In 2004, God impressed upon me to build this website. Now, I’m not saying God talks to me, but you understand. He has a way of prompting us to do things and we know it’s him, not ourselves, not our own musings. He told me he was going to speak to many through it. I asked how. His reply, “None of your business.”
I now know that this website is a product of my life experience. I now have a burning desire to help others find their way to God and freedom, and to a stable and productive life. Everyone, no matter where you are in your journey, descending or ascending, is valuable in the sight of God. It is not about who you are, but who you are becoming eternally. It is difficult, but that difficulty forces you to cling to God. It keeps you where you should’ve been all along. But, know this. It is possible to overcome. It is a process. Your reward awaits.

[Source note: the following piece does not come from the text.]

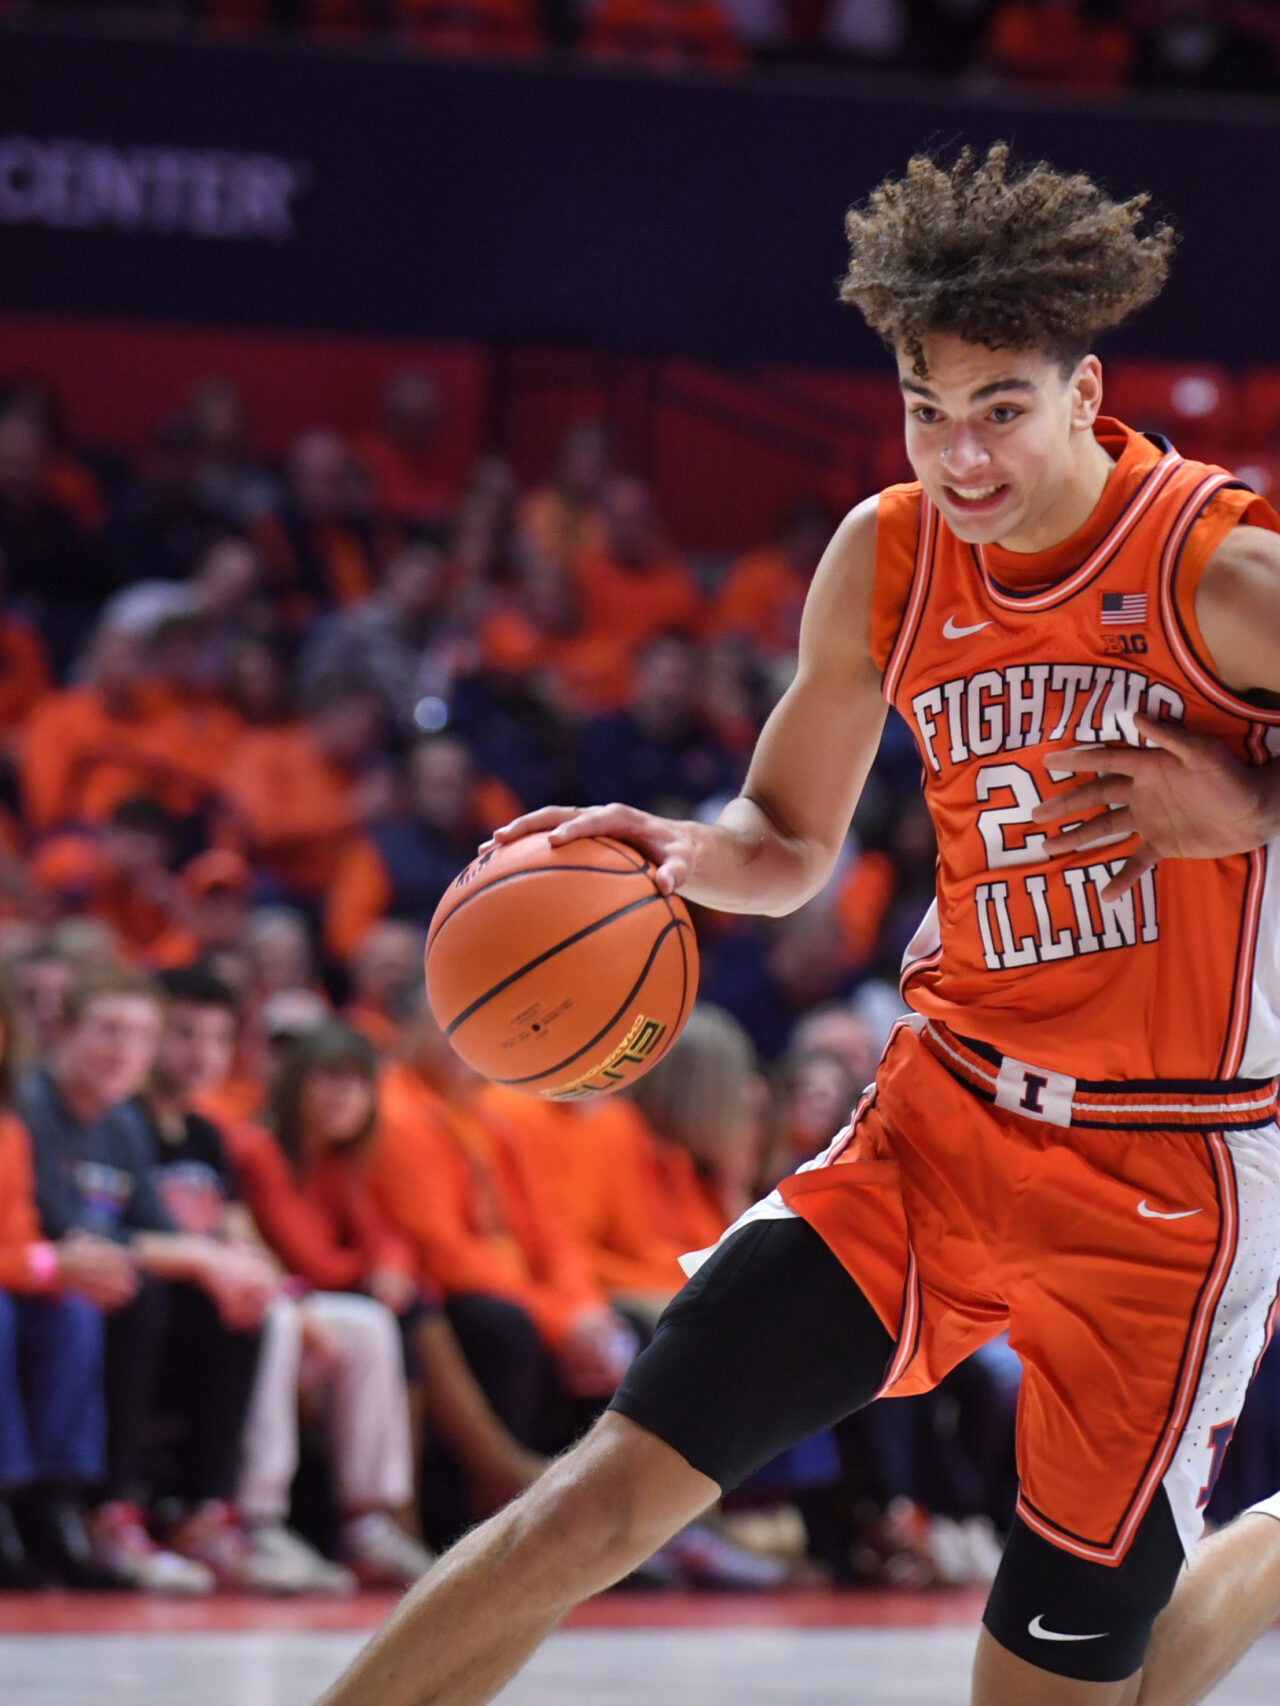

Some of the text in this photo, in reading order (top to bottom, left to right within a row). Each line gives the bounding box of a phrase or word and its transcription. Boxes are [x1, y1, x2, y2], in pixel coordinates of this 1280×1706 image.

[974, 857, 1159, 972] ILLINI
[546, 1016, 668, 1102] ELITE
[1019, 1071, 1047, 1115] I

I’ve been a Christian since 1970, but I spent most of that time angry, angry with God, angry at the forces working against me. Today, I’m still working on my anger, but I’ve learned that those forces that test my faith force me to persevere. I’ve matured, my faith has matured, and all as a result of the very incidents that once provoked anger.
I can also tell you that I’ve been happily married to a wonderful woman for over twenty years. I have three step-daughters, a stepson, and ten step-grandchildren, all of whom treat me like a king. I love my two sons and their four kids, my grandchildren. I am rich indeed.
God’s mercy knows no bounds. He heals. He mends. He blesses us where it counts–where it really counts, in relationships that matter. This is where addiction does its damage. There are two things I understand the scriptures to teach that last eternally, His word and relationships.
Come along with me, won’t you? Join me on the road to recovery. Let’s see what God has in store for you.